Rationale: Wellens syndrome is a comprehensive electrocardiographic (ECG) diagnosis that combines medical history with characteristic ECG changes. These changes, characterized by biphasic T-wave inversions or symmetric and deep T-wave inversions in the anterior precordial leads, often indicate that the left anterior descending coronary artery is at a high risk of severe stenosis. Chemotherapy-related cardiovascular toxicity refers to damage to the cardiovascular system caused by chemotherapeutic drugs, which is unpredictable and may occur during or after chemotherapy. Patient concerns: In this case report, a 41-year-old male patient with cholangiocarcinoma received sequential adjuvant chemotherapy with gemcitabine/nanoparticle albumin–bound paclitaxel and gemcitabine/cisplatin. This patient presented with recurrent brief chest pain episodes after the third dose of gemcitabine/cisplatin, and the characteristic T-wave morphological changes were captured in routine ECG monitoring prior to the 6th dose.
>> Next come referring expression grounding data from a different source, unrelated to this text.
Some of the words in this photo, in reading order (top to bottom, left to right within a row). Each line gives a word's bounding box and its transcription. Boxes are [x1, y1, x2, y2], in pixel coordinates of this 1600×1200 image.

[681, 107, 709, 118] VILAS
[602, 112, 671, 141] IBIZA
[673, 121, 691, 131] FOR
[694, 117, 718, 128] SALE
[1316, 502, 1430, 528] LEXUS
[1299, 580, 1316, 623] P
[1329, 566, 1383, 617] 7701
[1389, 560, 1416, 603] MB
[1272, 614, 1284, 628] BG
Diagnoses: Acute coronary syndrome due to chemotherapy-related cardiovascular toxicity was diagnosed on the basis of characteristic ECG changes. Interventions: The patient underwent coronary angiography, which revealed diffuse stenosis of up to 95% in the middle segment of the left anterior descending coronary artery. Stents were implanted in the stenotic segment for vascular reconstruction. Outcomes: The patient’s chest pain was completely resolved, and electrocardiography returned to normal. Lessons: Cardiovascular toxicity during chemotherapy in patients with cancer may be life threatening. This rare case highlights the importance of identifying the characteristic ECG pattern of the Wellens syndrome by monitoring electrocardiography during chemotherapy. Immediate and accurate identification of the morphological ECG features of Wellens syndrome with a slight elevation of the ST-segment is related to patient prognosis.